=== Exercise instructions ===
An exact reprint of every record below is required, with the pictures left out.
--
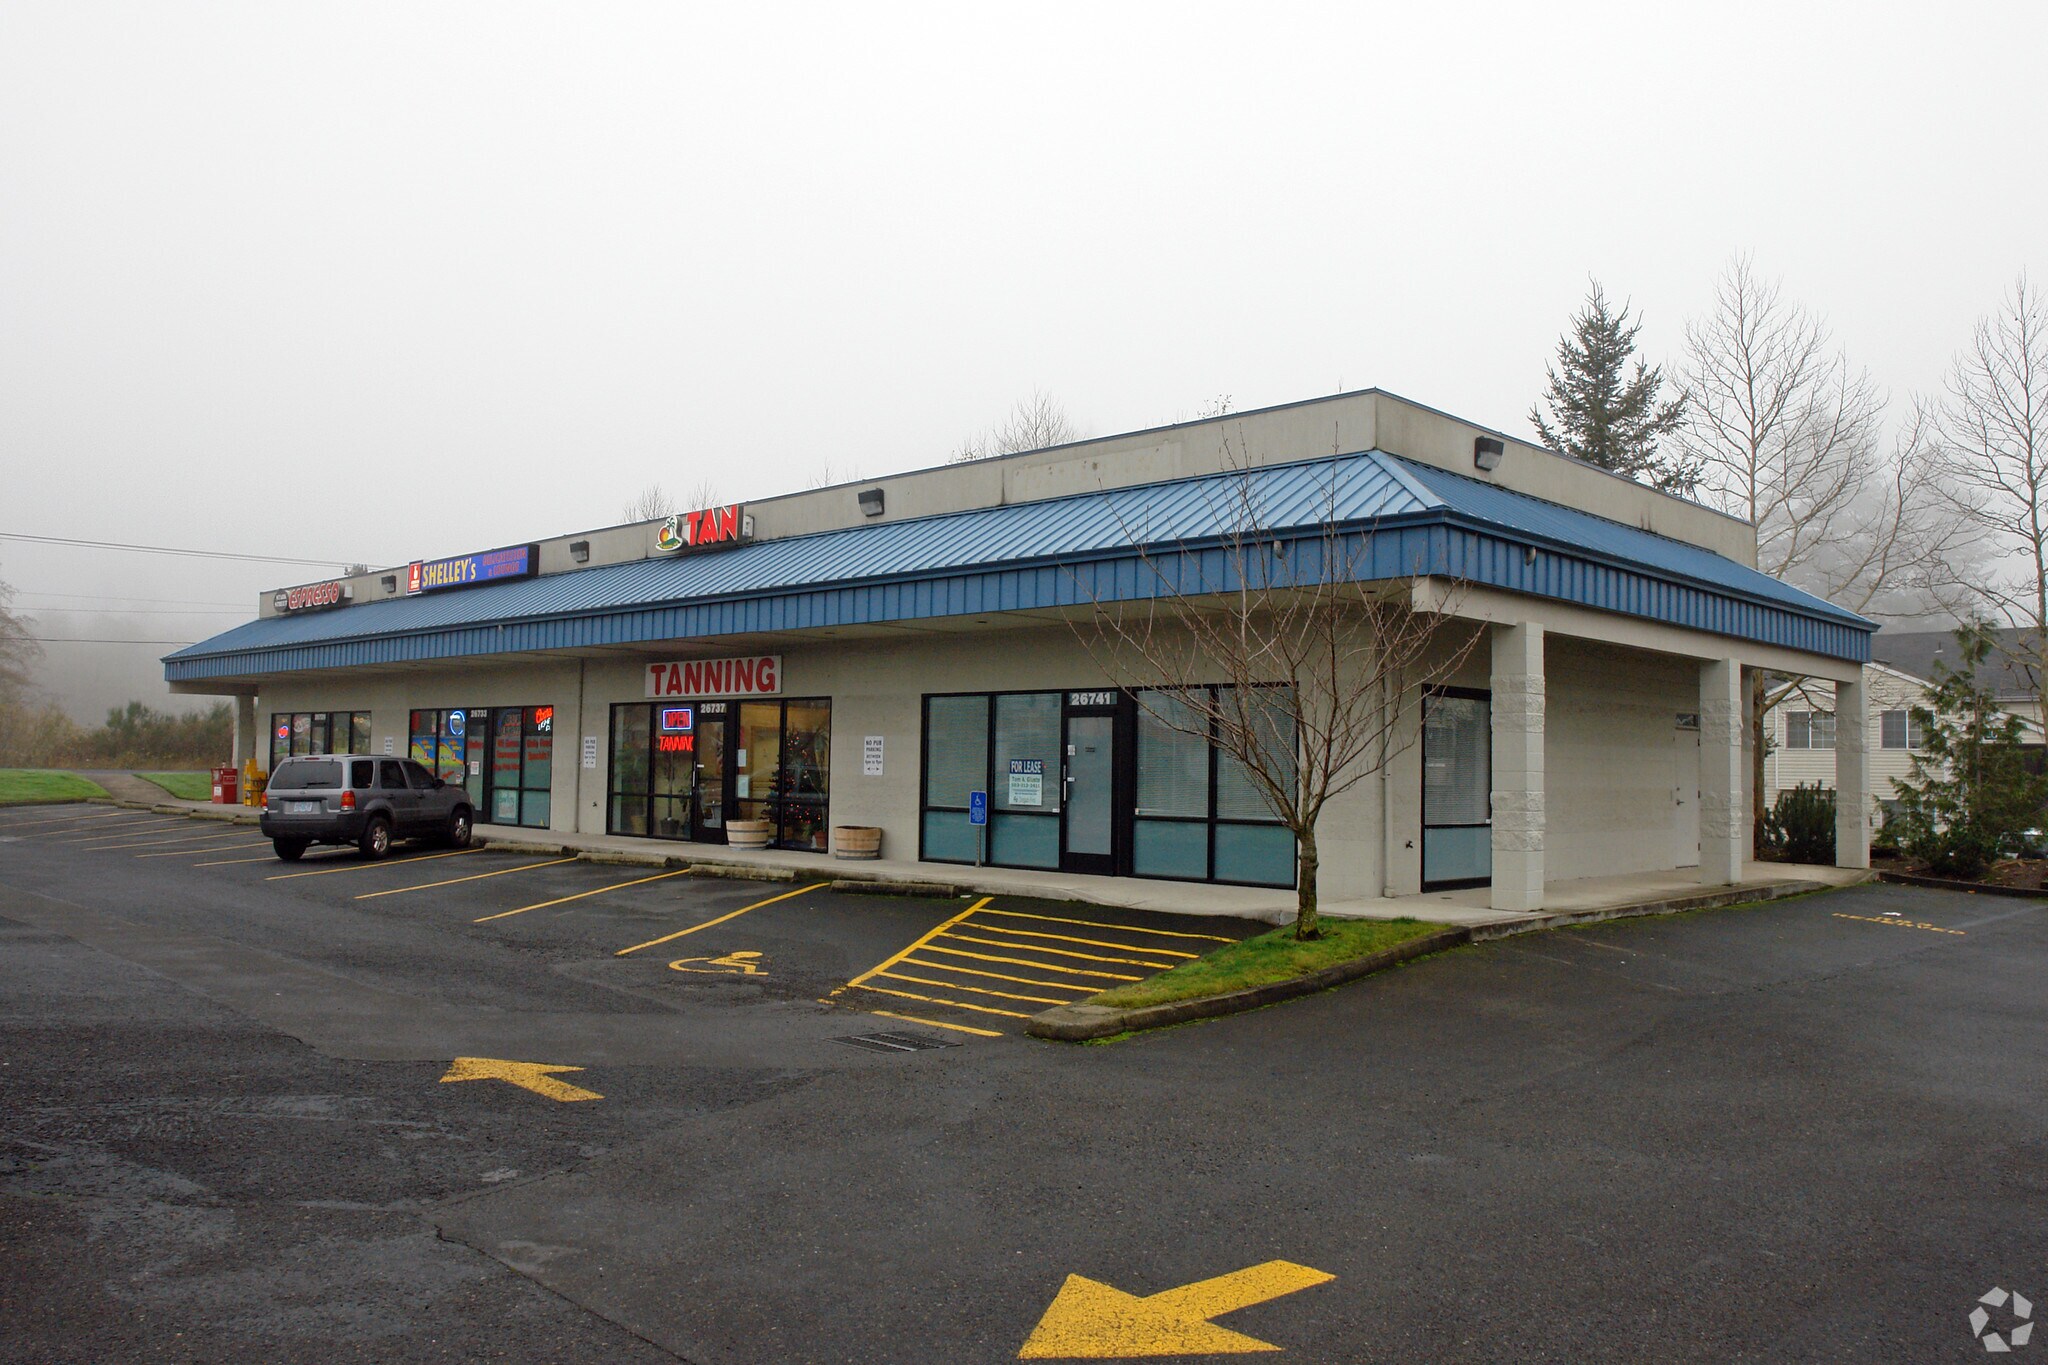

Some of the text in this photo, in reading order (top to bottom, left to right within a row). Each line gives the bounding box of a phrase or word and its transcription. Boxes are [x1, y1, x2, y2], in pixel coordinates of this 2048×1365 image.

[687, 504, 738, 546] TAN
[289, 581, 339, 609] ESPRESSO
[650, 657, 776, 695] TANNING
[1071, 692, 1111, 705] 26741
[700, 703, 725, 714] 26737
[665, 711, 689, 728] OPEN
[1011, 760, 1041, 773] FOR LEASE
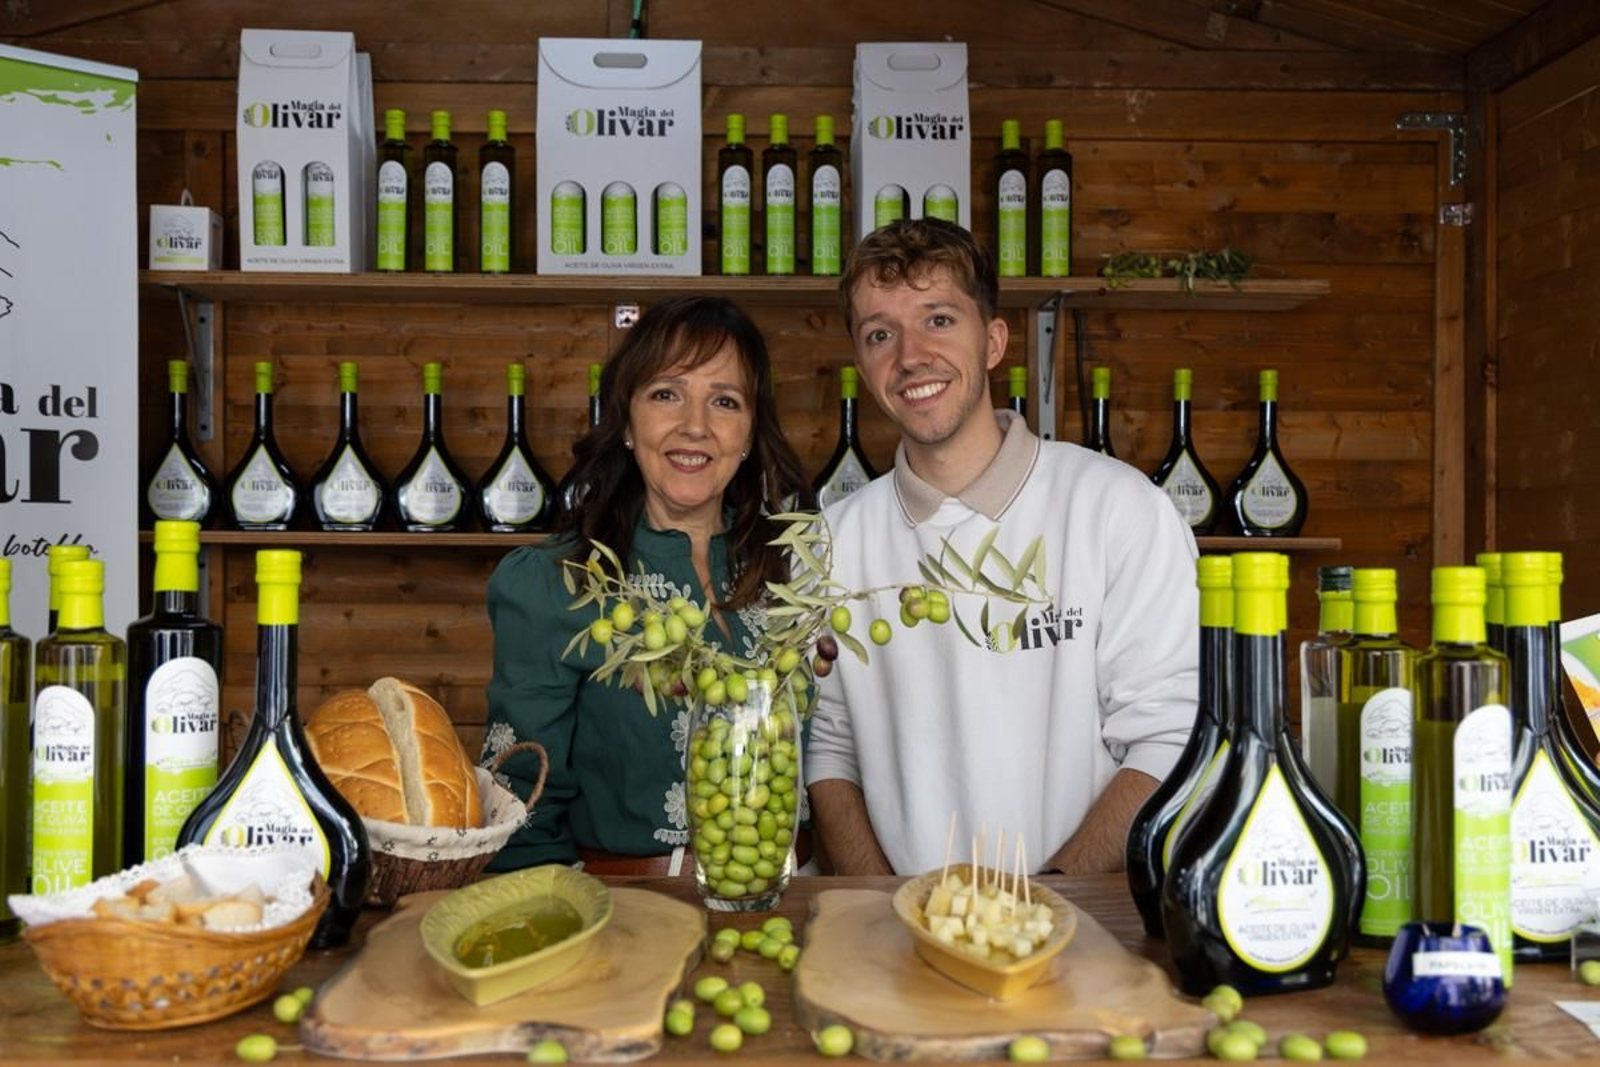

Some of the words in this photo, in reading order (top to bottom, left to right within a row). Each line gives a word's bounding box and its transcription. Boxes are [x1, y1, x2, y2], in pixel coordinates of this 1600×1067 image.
--
=== Task result ===
Some of the text in this photo, in reading order (top to bottom, left to right within a row). Each line gives the bounding box of a phrase or word and its transcription. Boxes are [x1, y1, x2, y2], in pixel coordinates of this 2048×1365 image.

[687, 504, 738, 546] TAN
[289, 581, 339, 609] ESPRESSO
[650, 657, 776, 695] TANNING
[1071, 692, 1111, 705] 26741
[700, 703, 725, 714] 26737
[665, 711, 689, 728] OPEN
[1011, 760, 1041, 773] FOR LEASE

Some of the words in this photo, in reading order (top to bottom, left to right within a row). Each line gives a word's bounding box and its transcription. Boxes are [x1, y1, x2, y2], in pixel coordinates of this 1600×1067 image.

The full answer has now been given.